Buddha became enlightened and so will I.
This is the level of conviction we are instructed to practice from. This level involves more than hope.
I’m reading Pema Chodron’s book, When Things Fall Apart. In her book, she writes about hopelessness: that it is necessary to stop hoping and start being with whatever is.
“The first Noble truth of the Buddha is that when we feel suffering, it doesn’t mean that something is wrong.”
Wait, what now? Read that last sentence again. Read it 20 times. Read it 100 times until it sinks in.
Pema goes on, “Suffering is part of life, and we don’t have to feel it’s happening because we personally made the wrong move… As long as we are addicted to hope, we feel that we can tone our experience down or liven it up or change it somehow, and we continue to suffer a lot.”
So how do we conjure change if not through hope?
Is it more productive to swap hope for determination? Or do we soak in acceptance of the present moment, and by that very revolutionary act change occurs.
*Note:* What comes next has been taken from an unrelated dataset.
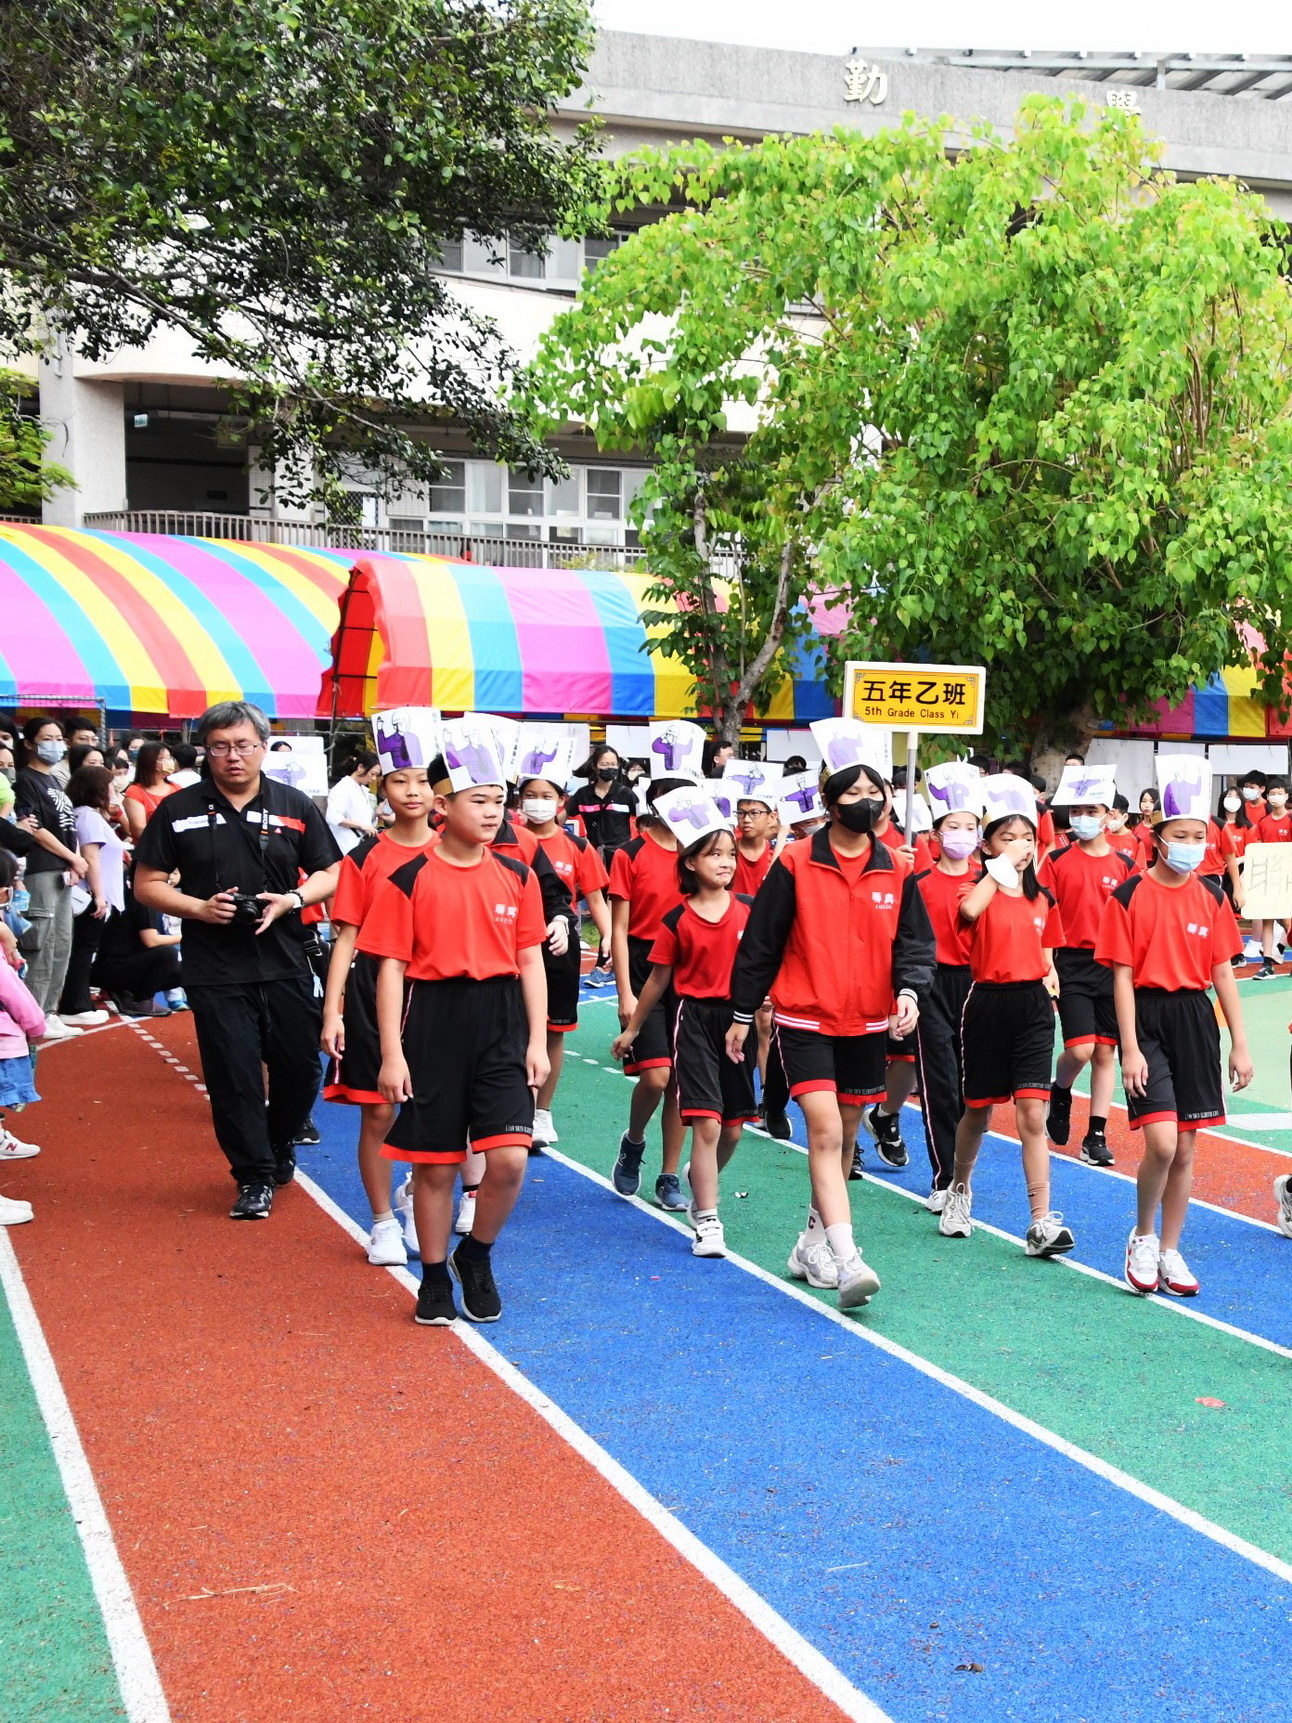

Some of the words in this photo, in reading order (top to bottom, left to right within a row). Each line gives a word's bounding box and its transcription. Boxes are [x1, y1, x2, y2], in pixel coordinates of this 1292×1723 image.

And where does belief belong?
Believing is seeing.
Belief is different from hope. Hopefulness feels helpless to me: wishing, grasping, ungrounded. Belief feels deeper, toothier. But even belief has its smoke and mirrors.
What about embodiment?
We can embody the qualities we’d like to become, but…
what about embodying what is already here in this moment? Because it might not be palatable. We might not want to give grief a home or anger a stage.
Hope, determination, belief, embodiment. Each has its own energy. Perhaps a dance is in order to feel which partner is most true for you at this time.
Or, perhaps we consider Pema’s words:
“Believing in a solid, separate self, continuing to seek pleasure and avoid pain, thinking that someone “out there” is to blame for our pain–one has to get totally fed up with these ways of thinking…
Suffering begins to dissolve when we can question the belief or the hope that there’s anywhere to hide.”